Prez wrote on May 27, 2012, 00:44:
I saw this complaint a bunch, but I wonder, how is it more generic than Skyrim.

Fair point, but Skyrim is the latest in a crazy popular series (Elder Scrolls is legendary among RPG enthusiasts), so that alone makes it stand out enough to get noticed. Nondescript, derivative games aren't necessarily bad (I like quite a few games that could be considered "Cookie-cutter"), but for a first game in a brand new franchise by a new studio with very high sales requirements to meet, you need something special. From the reviews I read, while everything was pretty solid in Kingdom of Amalur, there was nothing special about it.

With a much lower budget and a lower price tag (say, 30 bucks vice the $60 it was at release), I'm betting it easily could have been a success. The failure here imo was far more on the part of poor business decisions than bad game design.

It's worse than that -- at least Ion Storm wasn't your tax dollars at work...

Correct me if I'm wrong but unless you live in Rhode Island it isn't your tax dollars. This was a state-run RI taxpayer-funded initiative to encourage business creation in RI, wasn't it?

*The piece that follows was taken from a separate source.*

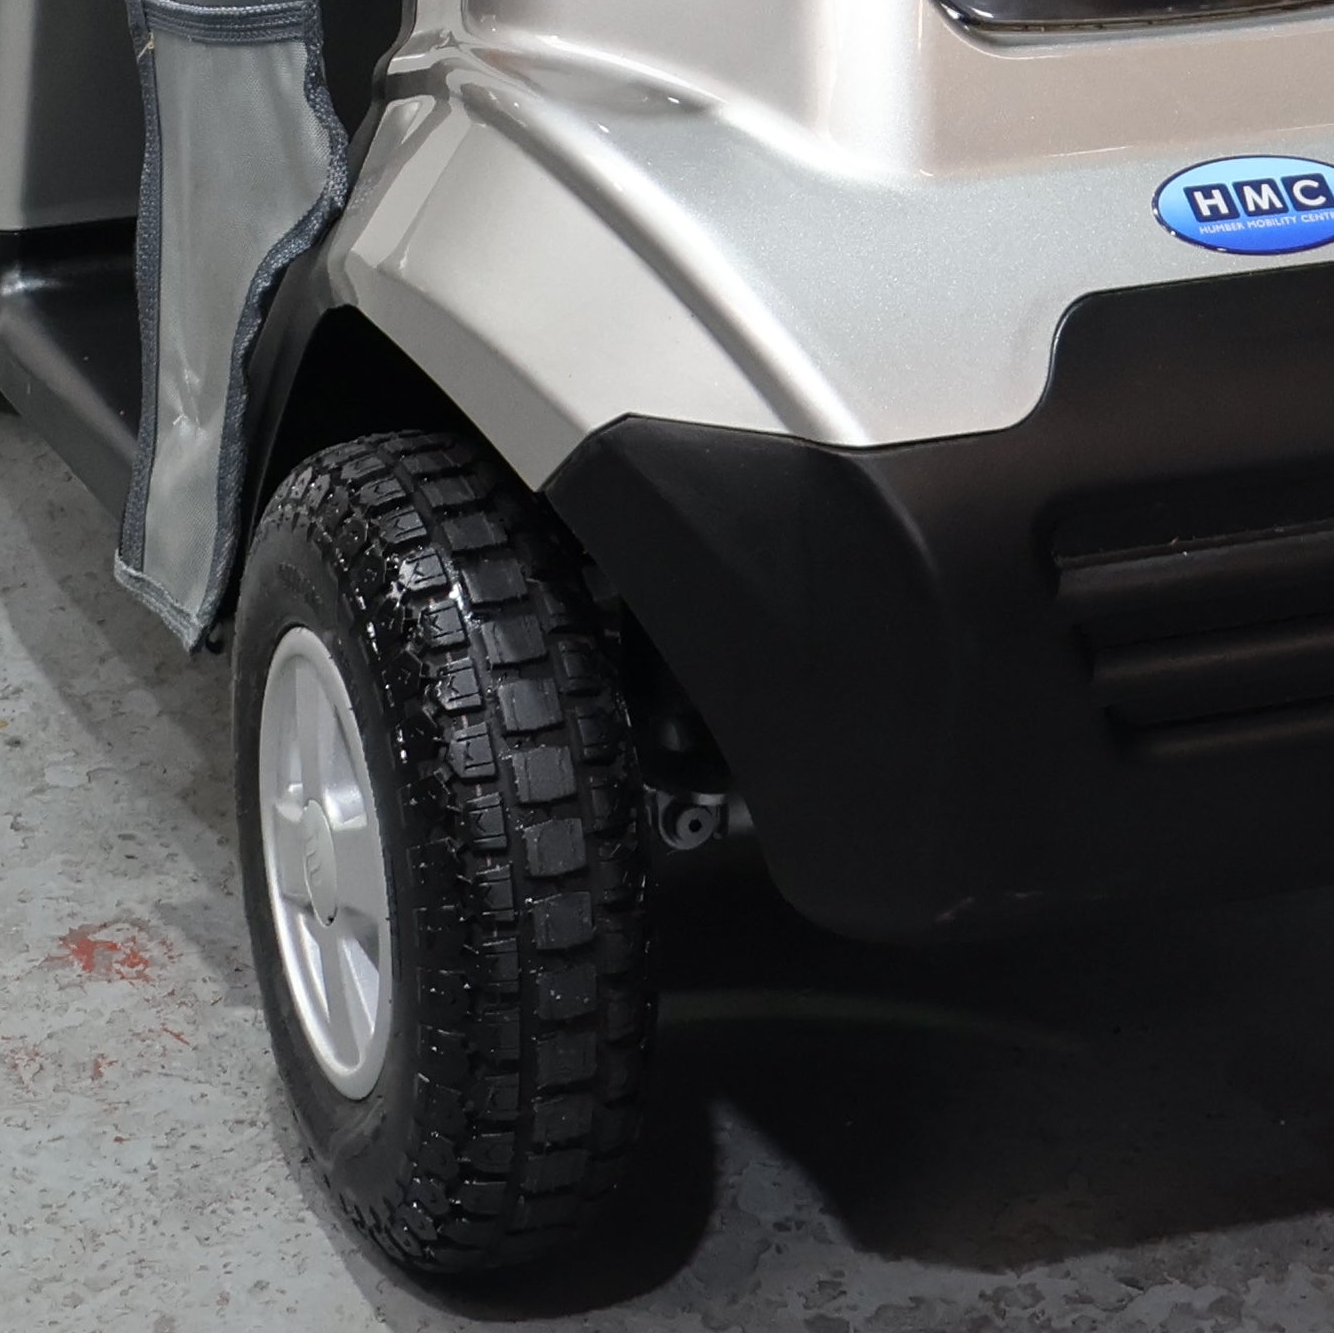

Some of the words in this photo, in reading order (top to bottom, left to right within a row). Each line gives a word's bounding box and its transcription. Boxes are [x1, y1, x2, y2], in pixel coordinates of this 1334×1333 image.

[1193, 179, 1327, 217] HMC
[1198, 222, 1245, 235] HUMBER
[1247, 215, 1297, 229] MOBILITY

The Verge has a pretty amazing (and lengthy) write-up of the situation, starting with the history of the company, their deal with Rhode Island Economic Development Corporation, and where the money was flowing (and coming from). It's just bad decision after bad decision... they were making business deals as if they were a rock solid AAA developer without having released a single game. Gotta hand it to Curt Schilling for trying to realize his dream, he just didn't think it through.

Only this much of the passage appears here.